Images for object localization:
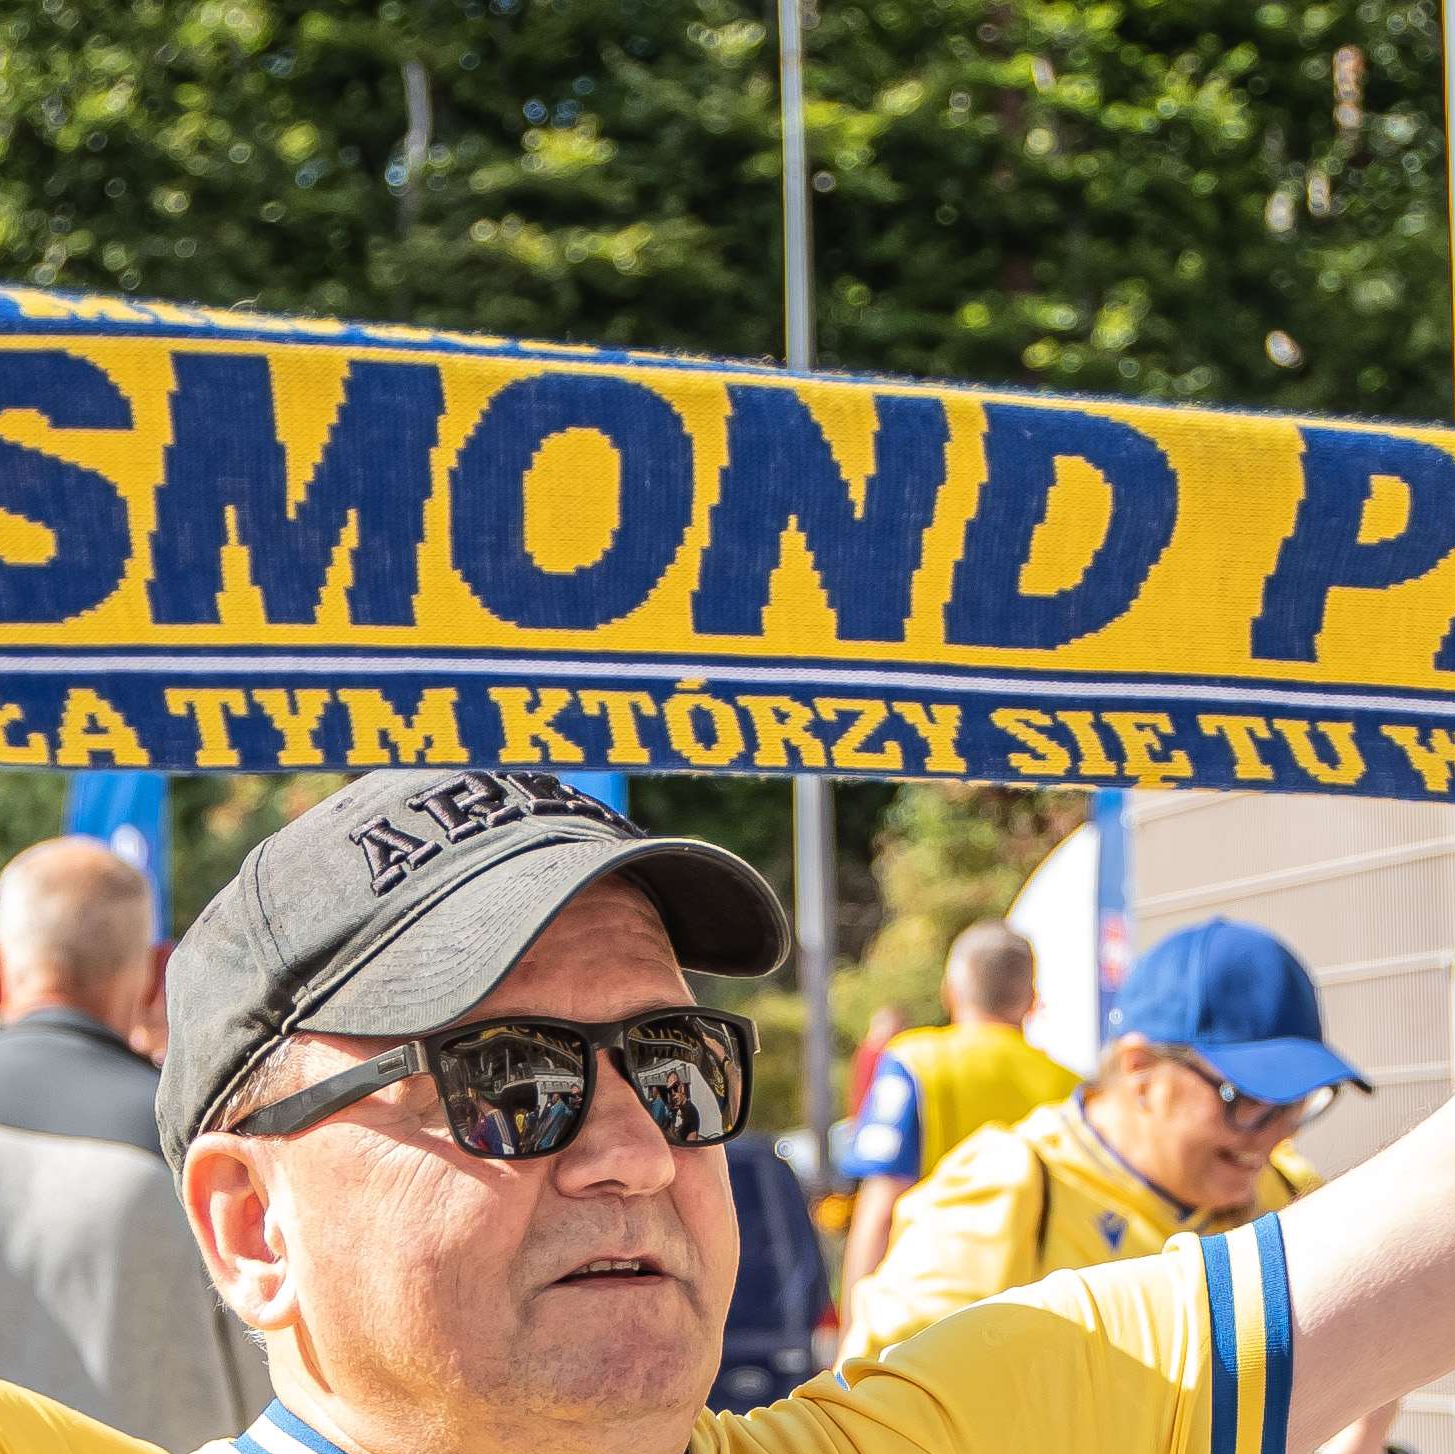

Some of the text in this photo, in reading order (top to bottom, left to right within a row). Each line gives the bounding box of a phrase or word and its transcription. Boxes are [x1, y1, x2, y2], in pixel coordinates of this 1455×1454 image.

[165, 686, 470, 768] TYM
[488, 677, 968, 774] KTÓRZY
[989, 708, 1194, 789] SIĘ
[1198, 714, 1367, 786] TU
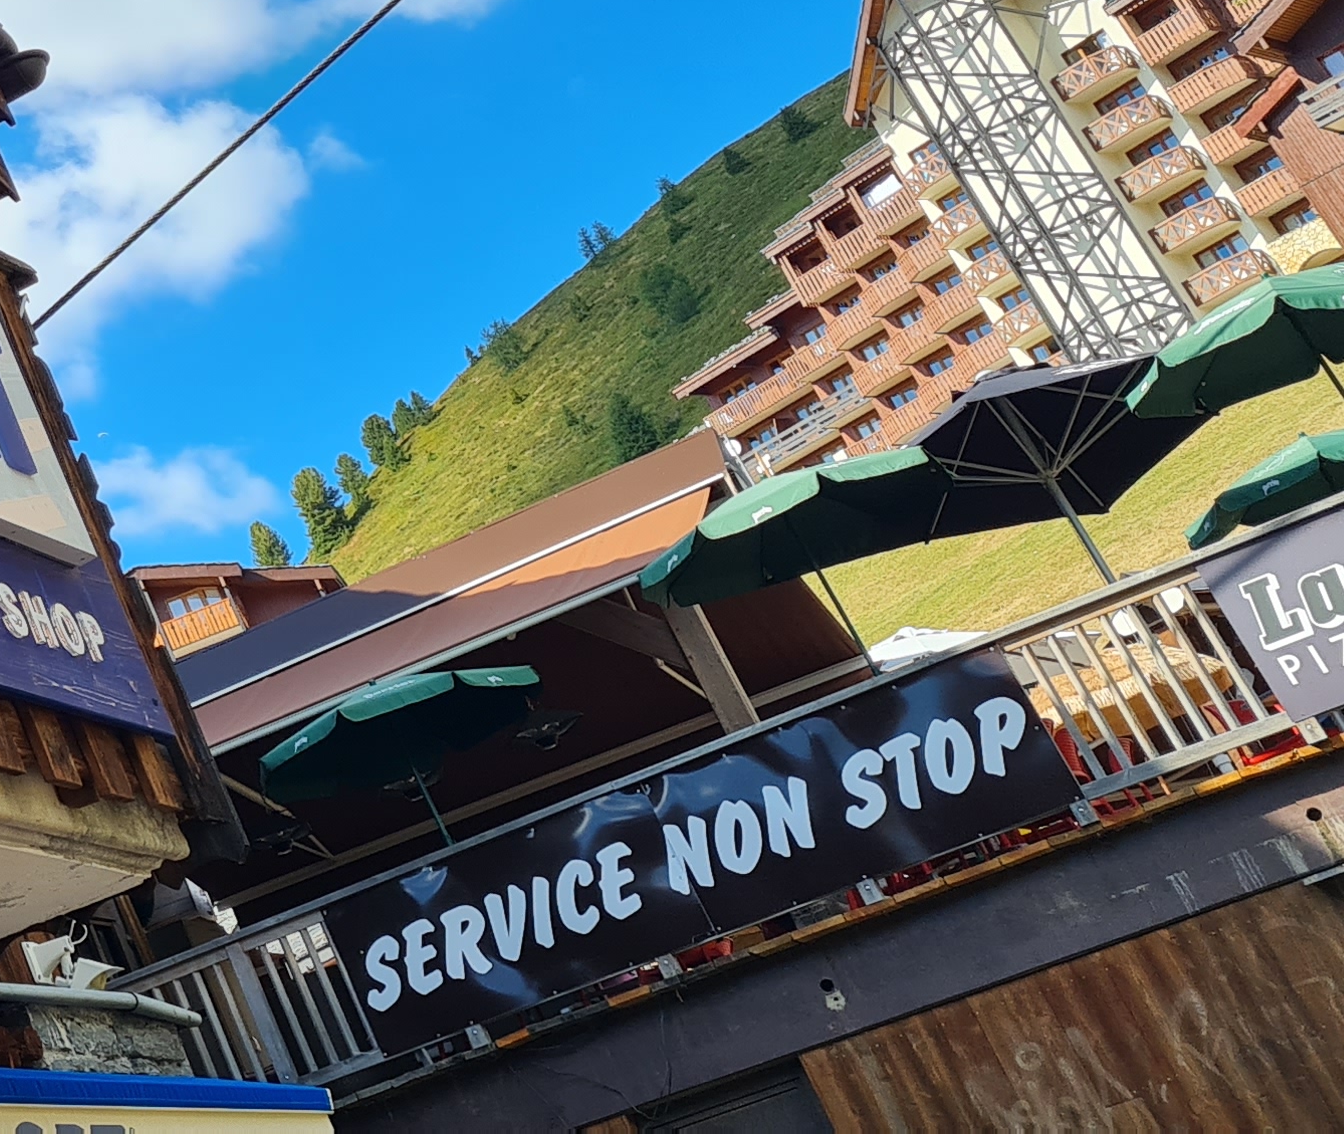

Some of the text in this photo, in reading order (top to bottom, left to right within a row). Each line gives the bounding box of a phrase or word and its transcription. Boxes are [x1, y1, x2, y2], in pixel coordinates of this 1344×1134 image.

[365, 695, 1028, 1013] SERVICE NON STOP
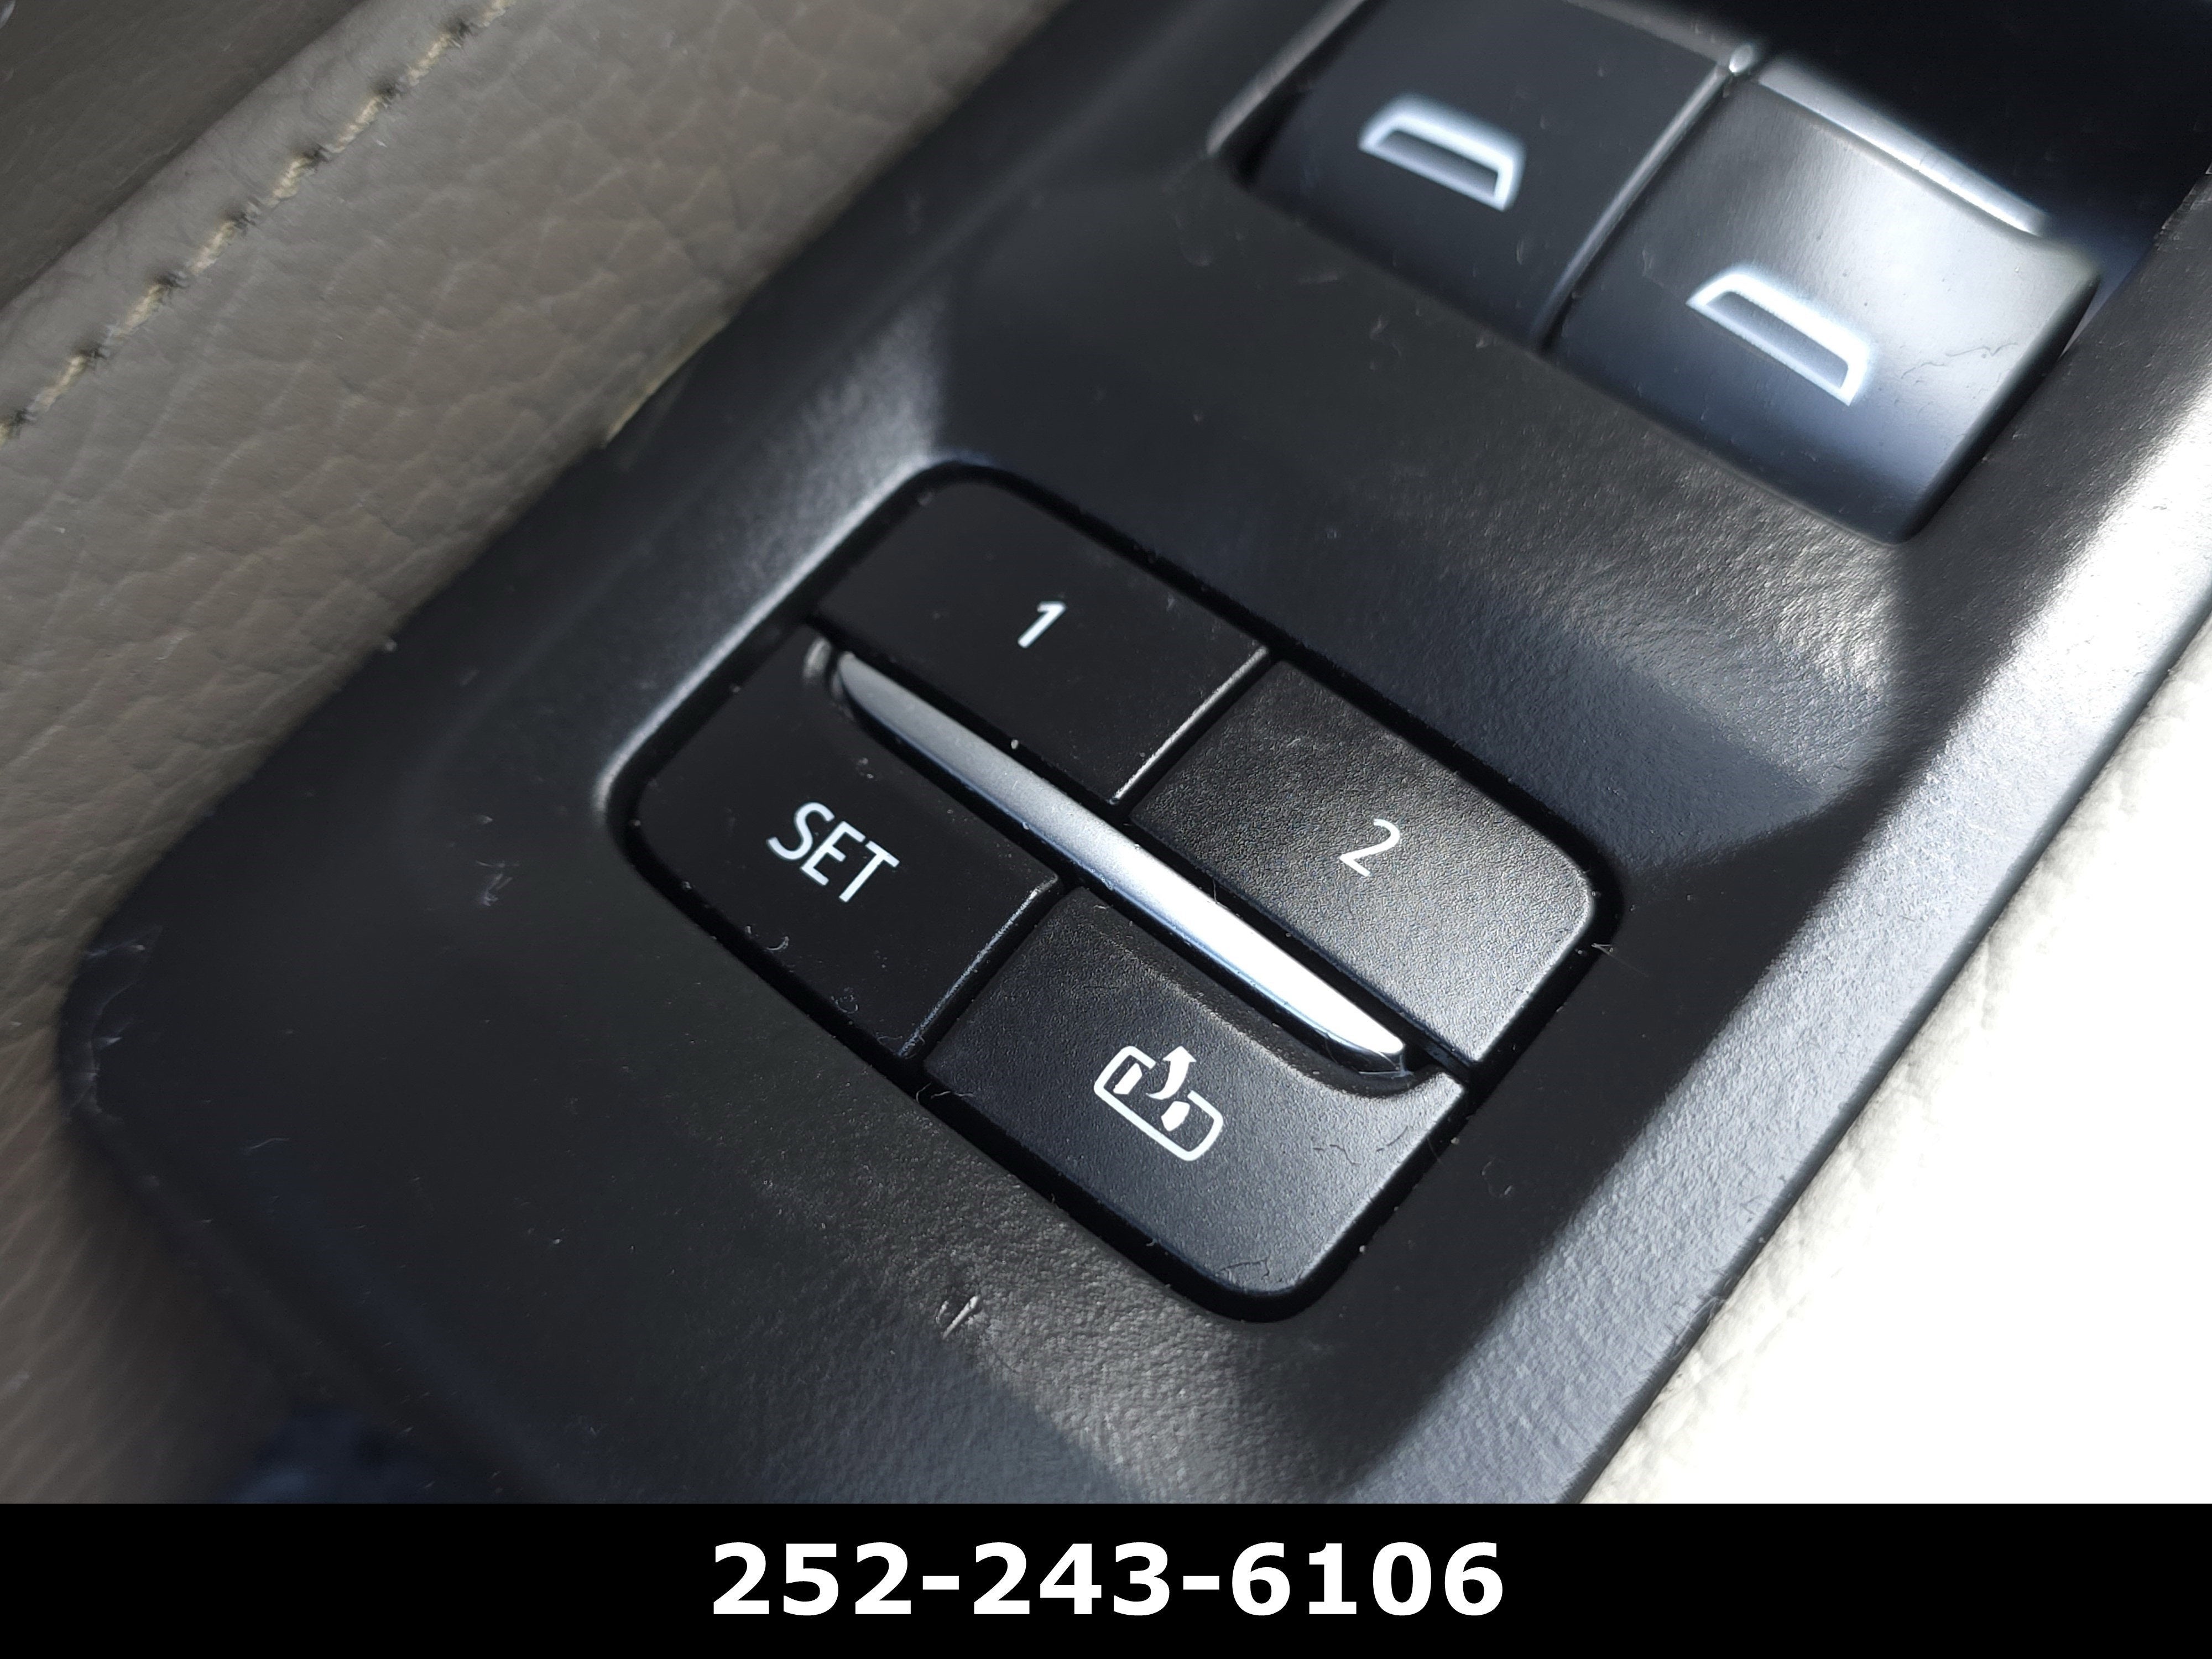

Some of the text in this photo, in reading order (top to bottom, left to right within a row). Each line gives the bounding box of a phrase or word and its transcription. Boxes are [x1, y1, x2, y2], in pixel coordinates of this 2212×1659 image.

[1018, 601, 1066, 648] 1
[766, 802, 900, 903] SET
[1339, 818, 1400, 877] 2

■ What the task asks ■
Please write out, exactly as they appear, the lines from the line containing "this 2212×1659 image." through the last line of the records above, both included.

■ Solution for this task ■
Some of the text in this photo, in reading order (top to bottom, left to right within a row). Each line gives the bounding box of a phrase or word and its transcription. Boxes are [x1, y1, x2, y2], in pixel coordinates of this 2212×1659 image.

[1018, 601, 1066, 648] 1
[766, 802, 900, 903] SET
[1339, 818, 1400, 877] 2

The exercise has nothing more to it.